Listening to:tv noise
Reading:Paw Paw, forgotten fruit
Weather:foggy, 62
This summer I've got 2 hens and a bunch of cats. My hens are a silver-laced Wyandotte and a light Brahma. The cats are all tuxedos except 2 all black and 2 all white. There is no red, orange, gray, or any other color out here amongst these animals but black and white.

None of this color scheme was planned, it just happened. Cats wonder in, get fed, hang around, make more cats. I've had longhaired tortoise shells and orange and white tomcats here in past years. Past chickens have included Rhode Island reds, Americaunas, barred rock.

It's random, but it's brought me to wonder about black and white and absence of gray as I sit on the porch with my morning coffee or stare at the campfire of brush and neverending black walnut that the squirrels keep planting all over my yard (why never in the pasture or back 40??).
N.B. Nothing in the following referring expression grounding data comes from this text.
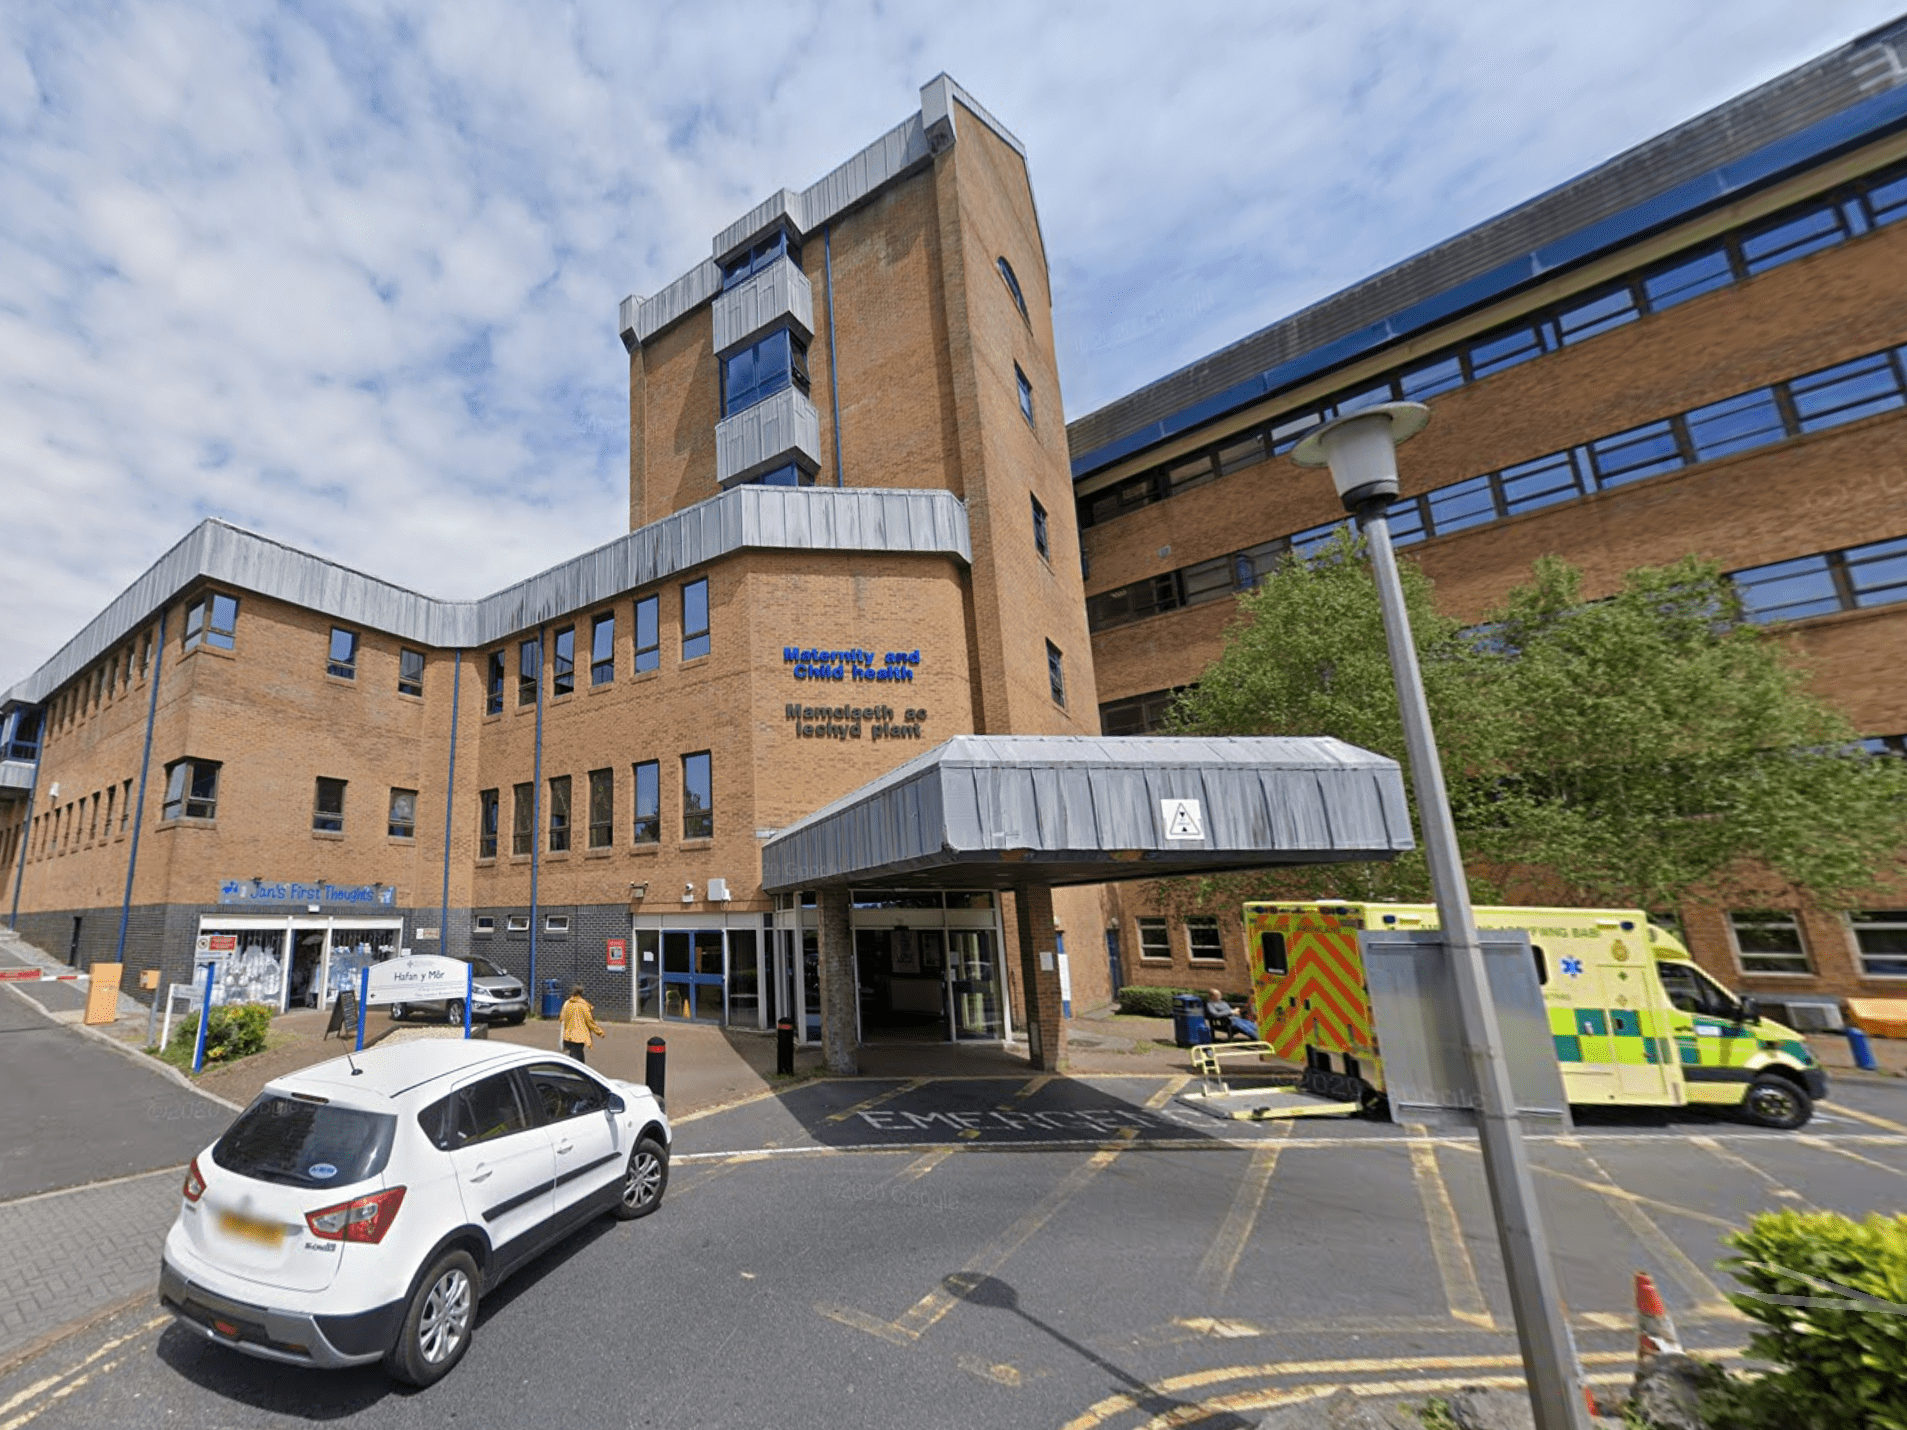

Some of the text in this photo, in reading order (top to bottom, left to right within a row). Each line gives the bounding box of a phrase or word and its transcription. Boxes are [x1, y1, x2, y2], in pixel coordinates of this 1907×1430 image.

[783, 647, 921, 665] Maternity and
[793, 663, 914, 681] Child health
[785, 704, 894, 721] Mamolaeth
[871, 723, 922, 743] plant
[250, 884, 374, 903] Jan's First Thoughts
[394, 972, 419, 981] Hafan
[421, 973, 427, 983] y
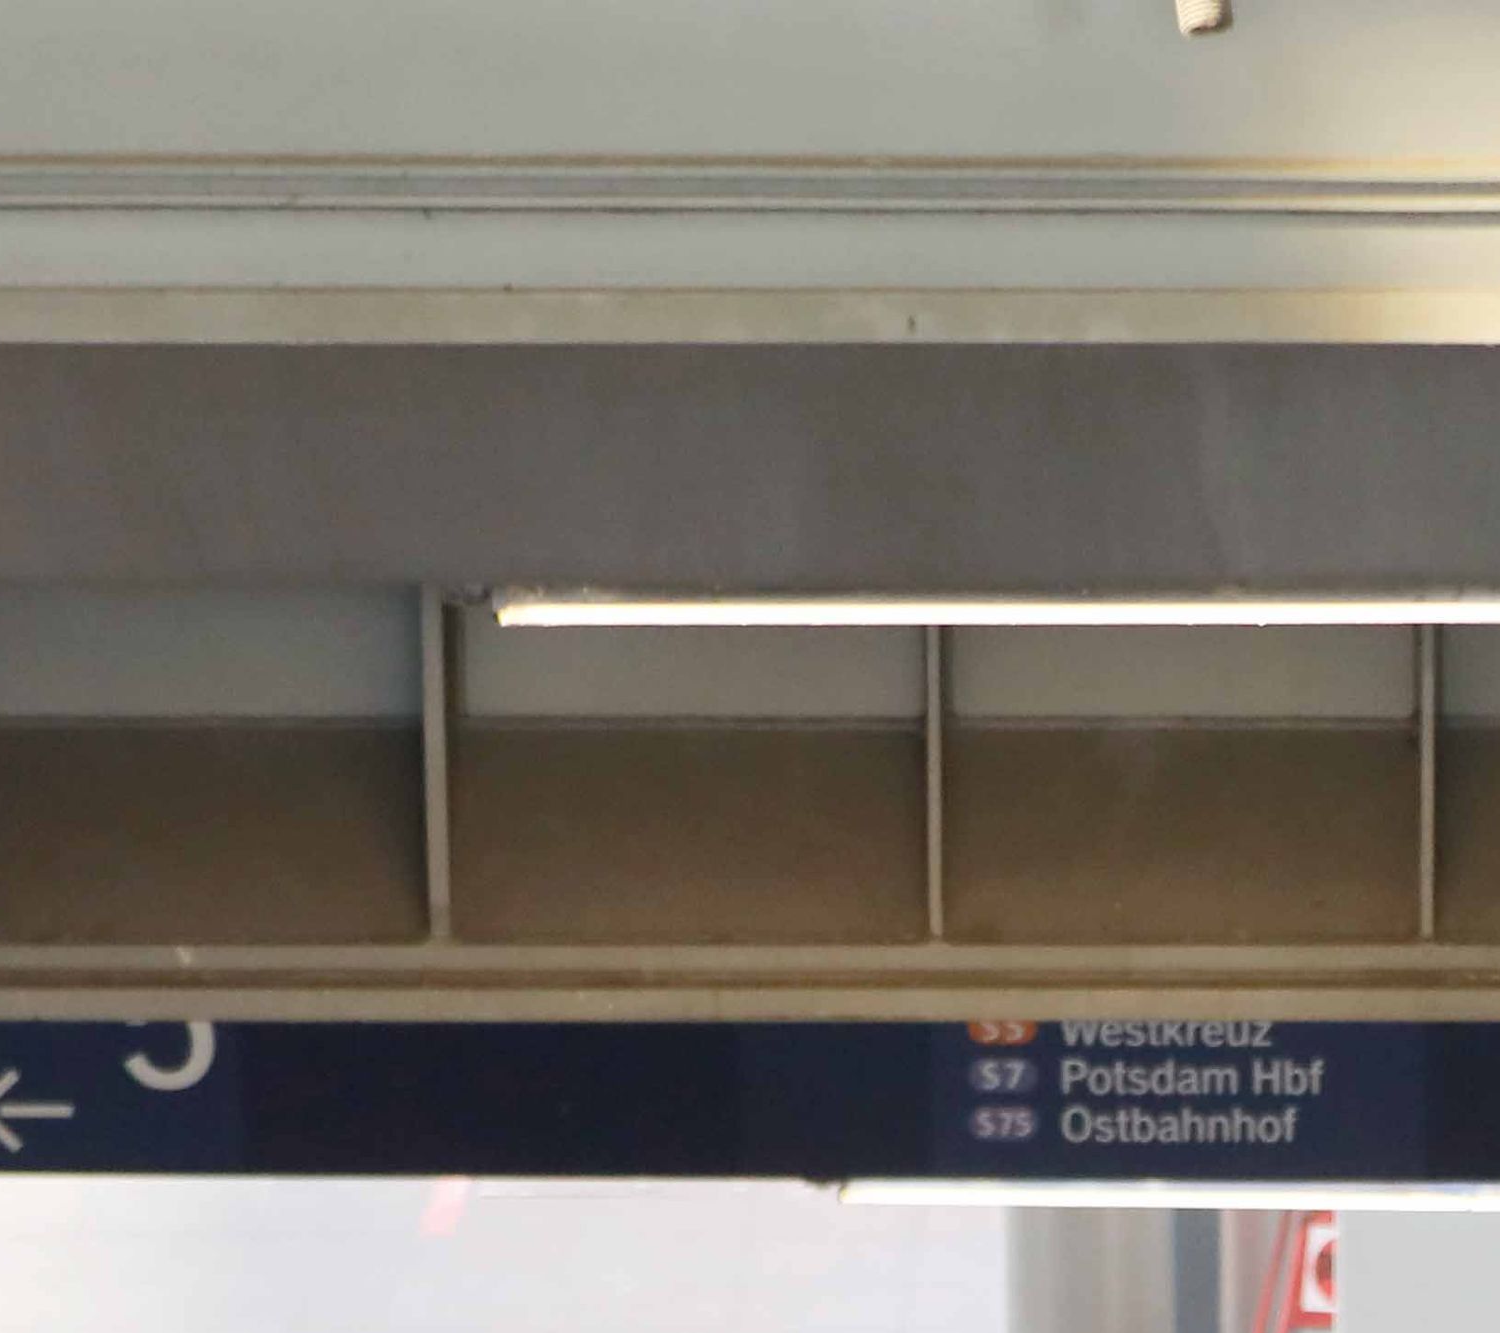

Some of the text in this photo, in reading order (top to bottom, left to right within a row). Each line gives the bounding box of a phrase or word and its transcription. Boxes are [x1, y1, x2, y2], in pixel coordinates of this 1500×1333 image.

[1061, 1020, 1273, 1047] Westkreuz
[980, 1058, 1325, 1096] S7 Potsdam Hbf
[975, 1105, 1299, 1143] S75 Ostbahnhof
It's the Hillary/Trump year, too, also seemingly absent much nuance or gradation.

The transgender bathroom nonsense had me thinking about this barnyard thing, too. Maybe part of the reason country people might be slower to get that is that the non-human animal world, at least in agriculture, is pretty well binary on sex. Not a lot of intersex critters survive and there's virtually no transitioning from one sex to the other. Not only that but we even have different names for critters based on their sex, and you better be cognizant of what you're dealing with on that front. If that cow is actually a bull, watch out. Or that mare rather a stallion.

But humans are full of nuance and fluidity. Maybe the critter world has more of that than we know, but we just aren't capable of understanding it, the thoughts of nonhuman creatures, and how they perceive themselves and others.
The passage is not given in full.